What is the factorization of $(da+dbi)^2$, $(da+dbi)^4$, and $(da+dbi)^8$, I need a clarification for factorization when the variable 'd' is included in $(a + ib)^n$, such that $(da + dib)^n$. ## Specifically for three cases.
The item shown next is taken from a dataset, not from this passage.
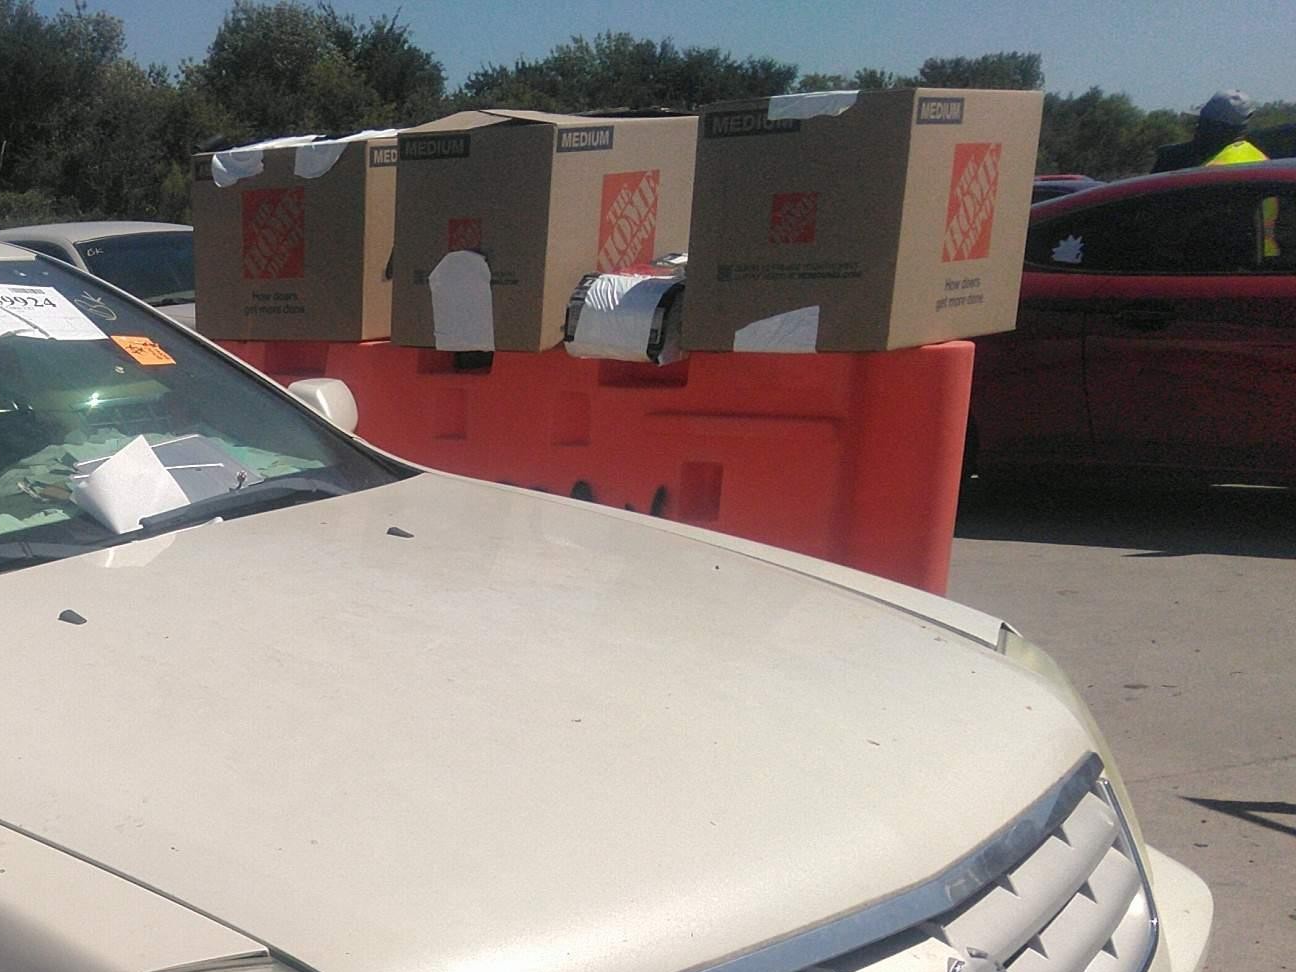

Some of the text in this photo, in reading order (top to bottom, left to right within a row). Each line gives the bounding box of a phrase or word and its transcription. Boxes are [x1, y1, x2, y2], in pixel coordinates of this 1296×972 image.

If $(a + ib)^2$ = $1a^2 + 2iab − 1b^2$, then what would: $(da + dib)^2$ = ?? For the first one I thought that $(da + dib)^2$ was either 1. $d1a^2 + d2iab − 1b^2$ 2. $d1a^2 + d^22iab − 1b^2$ however, according to an online calculator $(da + dib)^2$ = $d^2a^2+2d^2abi−d^2b^2$ * * * If $(a + bi)^4$ = $a^4 + 4a^3bi − 6a^2b^2 − 4ab^3i + b^4$ then what would: $(da + dib)^4$ = ?? * * * If $(a + bi)^8$ = $a^8 + 8a^7bi − 28a^6b^2 − 56a^5b^3i + 70a^4b^4 + 56a^3b^5i − 28a^2b^6 − 8ab^7i + b^8$ then what would: $(da + dib)^8$ = ?? * * *

It looks like you simply need to factor out the variable $d$ from each expression. Note that $$(da+dbi)^n = (d(a+bi))^n = d^n(a+bi)^n.$$